Artificial intelligence (AI) has become a key driving force for innovation and development in the field of panel-level packaging, including optimizing design, improving production efficiency and quality, and accelerating the R&D process. On the panel-level packaging production line, computer vision technology and AI algorithms are used to monitor all aspects of the production process in real time. AI can quickly identify small defects in die attach processes, wire bonding, and more with far more accuracy than manual inspection. Once a problem is found, the system can send out an alarm in time and give adjustment suggestions, effectively reducing the defective rate. AI can also dynamically optimize the parameters of production equipment based on real-time production data, realize automatic adjustment of production processes, reduce equipment idle time, and greatly improve production efficiency. Panel-level packaging (PLP) is an innovative approach that is gradually replacing traditional round wafer packaging technology with the aim of improving production efficiency and yield.
TSMC recently unveiled a roadmap for 9x reticle-size packaging to meet the demand for large-scale system-in-package. A multi-mask package is one that contains a chip with an area of more than 800 square millimeters in one package. Currently, Nvidia's Blackwell package contains two chips slightly larger than 800 square millimeters, as well as eight layers of high-bandwidth memory (HBM) stacking, each offering 193 GB of memory. It is expected that this year (2025), TSMC will introduce a super carrier board interposer with 6 times the mask size to improve the manufacturing process and yield of the multi-mask packaging process.

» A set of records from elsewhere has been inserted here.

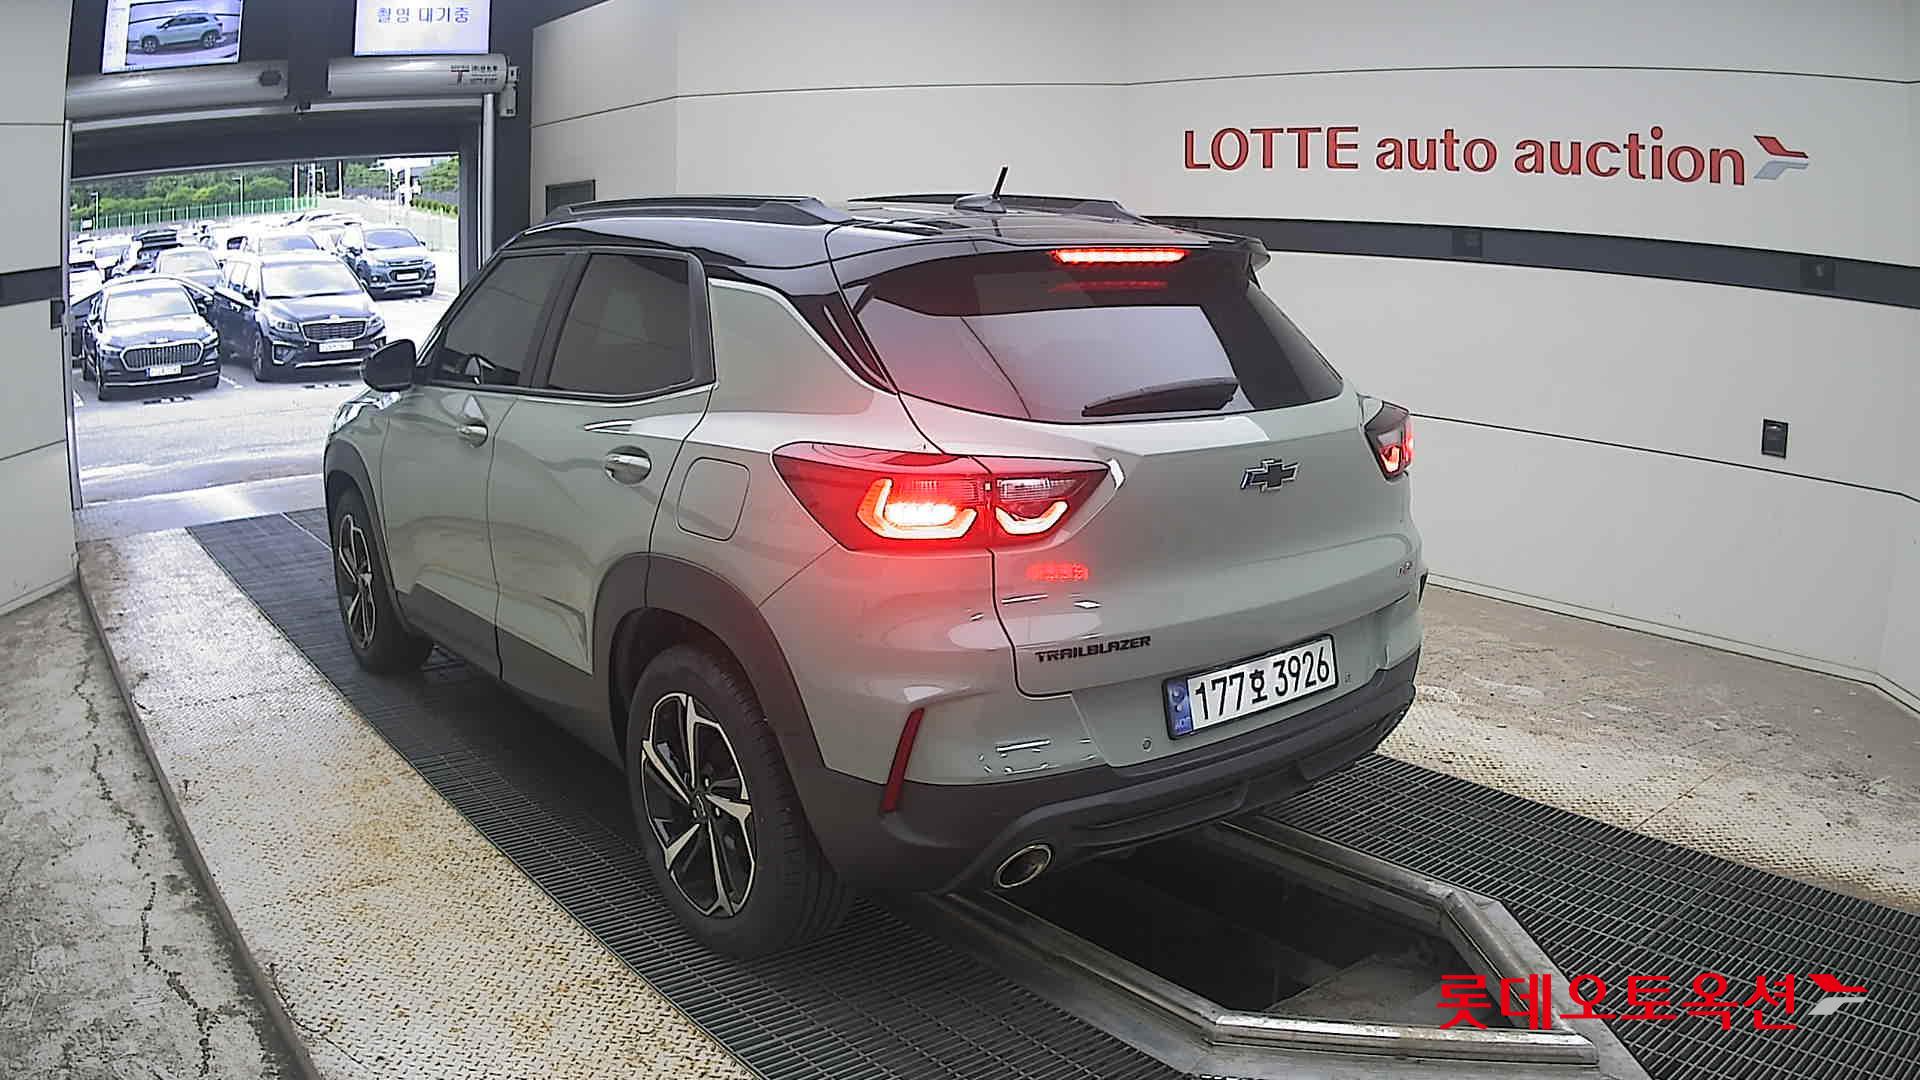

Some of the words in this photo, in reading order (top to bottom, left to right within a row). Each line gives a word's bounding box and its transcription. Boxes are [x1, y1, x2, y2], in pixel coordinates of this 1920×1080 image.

[418, 6, 471, 24] 대기중
[1184, 127, 1359, 170] LOTTE
[1376, 128, 1498, 172] auto
[1514, 126, 1745, 186] auction
[1035, 635, 1151, 662] TRAILBLAZER

TSMC reports that the size of the interposer could reach 5,148 square millimeters.
The traditional COWoS-L process still uses a round substrate for packaging, which means that approximately 64 dies can fit on each substrate. However, round substrates limit throughput and can cause yield issues. To this end, the industry has been working on square substrates to increase throughput and improve yields, as square substrates can accommodate more square dies than round substrates. Since 2016, Fraunhofer IZM has been working with 17 international partners on square substrates or panel-level packaging (PLP).
Figure: Artificial intelligence drives semiconductor packaging technology: panel-level packaging is emerging (Source: 3DInCites)

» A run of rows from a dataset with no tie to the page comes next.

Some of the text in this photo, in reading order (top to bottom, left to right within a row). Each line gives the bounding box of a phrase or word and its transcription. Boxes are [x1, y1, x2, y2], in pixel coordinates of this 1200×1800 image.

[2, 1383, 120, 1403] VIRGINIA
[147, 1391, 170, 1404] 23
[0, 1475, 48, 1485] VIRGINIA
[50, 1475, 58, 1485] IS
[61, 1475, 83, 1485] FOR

Currently, companies such as TSMC and Intel are also developing processes and technologies to achieve large-format substrates of 600 mm × 600 mm.

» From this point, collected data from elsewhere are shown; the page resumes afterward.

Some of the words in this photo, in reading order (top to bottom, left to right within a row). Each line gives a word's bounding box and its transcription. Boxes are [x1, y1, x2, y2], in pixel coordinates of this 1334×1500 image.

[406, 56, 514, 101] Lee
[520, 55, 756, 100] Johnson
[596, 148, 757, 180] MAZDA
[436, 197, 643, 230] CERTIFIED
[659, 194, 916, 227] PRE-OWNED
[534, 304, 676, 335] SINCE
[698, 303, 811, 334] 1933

ASE Semiconductor, an industry-leading packaging and testing services company, announced on February 22 that it plans to build a panel-level packaging pilot line in Kaohsiung, Taiwan, to install experimental equipment that can handle 600mm × 600mm substrates instead of traditional 300mm round wafers. TSMC expects production of multi-mask packages to increase from approximately 35,000 units in 2024 to 75,000 units in 2025 and 135,000 units in 2026. The opening of a PLP facility by ASE is not only beneficial to TSMC, but also provides an opportunity for chip companies with ASE as a packaging partner for panel-level packaging.
However, one of the challenges in the transition to PLP and future glass substrates is the lack of equipment to support 600mm × 600mm panels. ASE said it will invest up to $200 million to develop PLP equipment. However, thanks to the work of Atotech and Evatec in Fraunhofer's PLP 2.0 Alliance, as well as the efforts of companies such as Onto Innovation's recent PLP Lab, ACM Research, YES and others, there are already multiple tools available for evaluation and potentially ready for mainstream production. In addition, the introduction of flux cleaning, panel cleaning, chamfer etching, metal deposition, inspection, and lithography equipment is also driving the development of PLP technology. Several chemical companies are also involved in the development of critical chemicals.
Advances in artificial intelligence are driving innovation in semiconductor packaging technology, and panel-level packaging is gaining traction and adoption as an effective way to improve production efficiency and yield.